Anahtar Kelimeler: Duodenal divertikül, laparoskopi, divertikülektomi

Giriş

Gastrointestinal sistemde divertiküller, sigmoid kolondan sonra ikinci sıklıkta duodenumda görülmektedir. Duodenal divertikül otopsi serilerinde %6-22 oranında ve üst gastrointestinal radyolojik görüntülemelerde %2-6 oranında saptanmaktadır. Duodenal divertiküller sıklıkla duodenum ikinci kısımda ve ampulla Vateri bitişiğinde görülmektedirler. Bu divertiküller, periampüller divertikül veya peripapiller divertikül olarak da adlandırılmaktadır[1-3].

Duodenal divertiküller, diğer divertiküllerde olduğu gibi gerçek ve yalancı olmak üzere ikiye ayrılır. Gerçek divertiküller, duodenumun bütün katlarını içermekte iken; yalancı divertiküller, duodenum duvarındaki bir defektten mukozanın fıtıklaşması olarak tanımlanmaktadır.

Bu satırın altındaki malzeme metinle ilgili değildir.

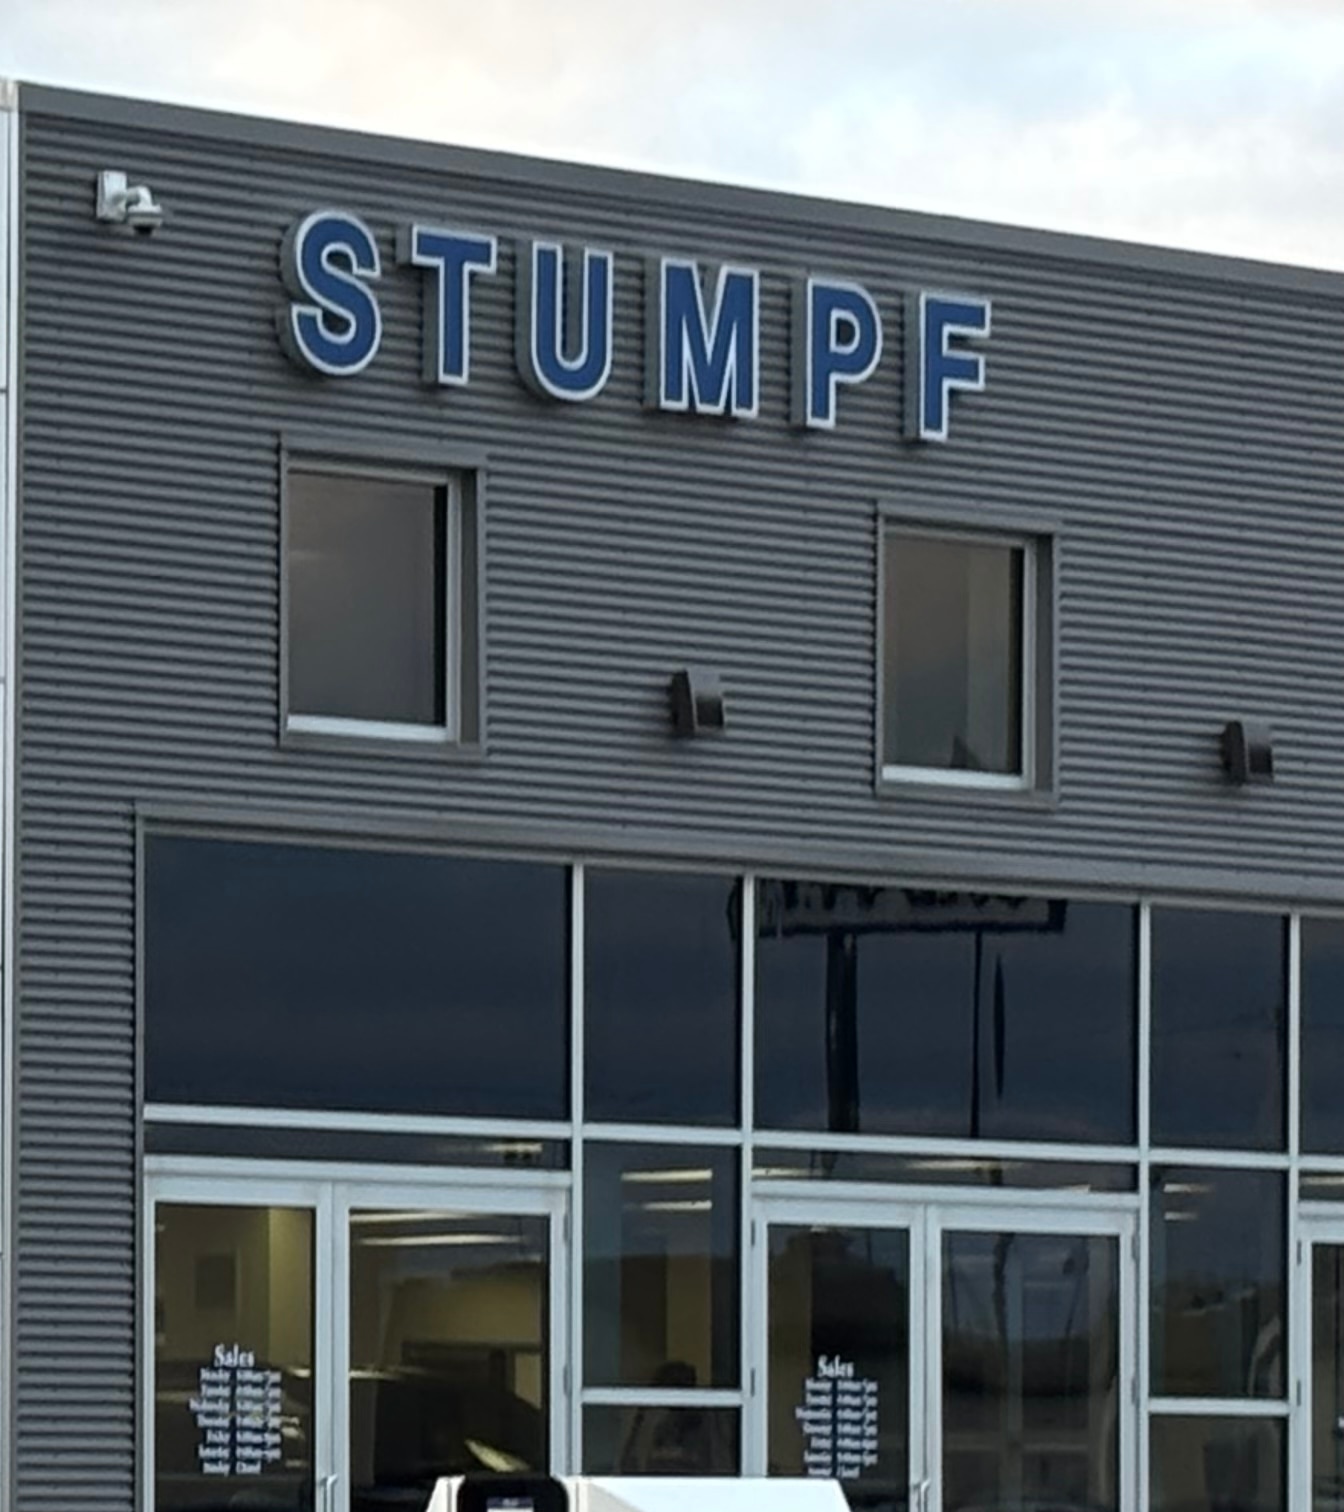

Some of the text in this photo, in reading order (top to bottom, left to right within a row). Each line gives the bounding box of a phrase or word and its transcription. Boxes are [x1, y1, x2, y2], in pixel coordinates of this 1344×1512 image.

Duodenal divertiküller sıklıkla asemptomatiktir. Radyolojik görüntüleme yöntemlerinde tesadüfen saptanmaktadır. Semptomatik olduğunda (<%10) sıklıkla ağrı, kanama, duodenal obstrüksiyon, duodenal ülser, divertikülit, perforasyon, ana safra kanalında veya pankreatik kanalda tıkanıklık, kolanjit ve pankreatite yol açmaktadır[4,5].

Olgu Sunumu

26 yaşında kadın hasta, 6 yıldır devam eden, aralıklı sağ üst kadran karın ağrısı ve bulantı-kusma şikayeti ile kliniğimize başvurdu. Özgeçmişinde 2000 yılında apandektomi ve 2002 yılında trafik kazası nedeni ile splenektomi öyküsü mevcuttu. Soygeçmişinde özellik saptanmadı.

Fizik muayenesinde orta hatta daha önce geçirilmiş ameliyata ikincil olarak skar haricinde herhangi bir patolojiye rastlanmadı. Serum kan laboratuar değerleri normaldi.

Hastanın mevcut şikayetleri için üst gastrointestinal radyolojik tetkikler uygulandı. Karın ultrasonografisinde; hastanın şikayetlerini açıklayacak herhangi bir patolojiye rastlanmadı. Gastroduodenoskopide hiatal herni ve antrum gastriti saptandı. Baryumlu mide-duodenum grafisinde duodenum 2. kısımda 4 cm çapa ulaşan divertikül saptandı (Resim 1). Ameliyat laparoskopik olarak genel anestezi altında uygulandı.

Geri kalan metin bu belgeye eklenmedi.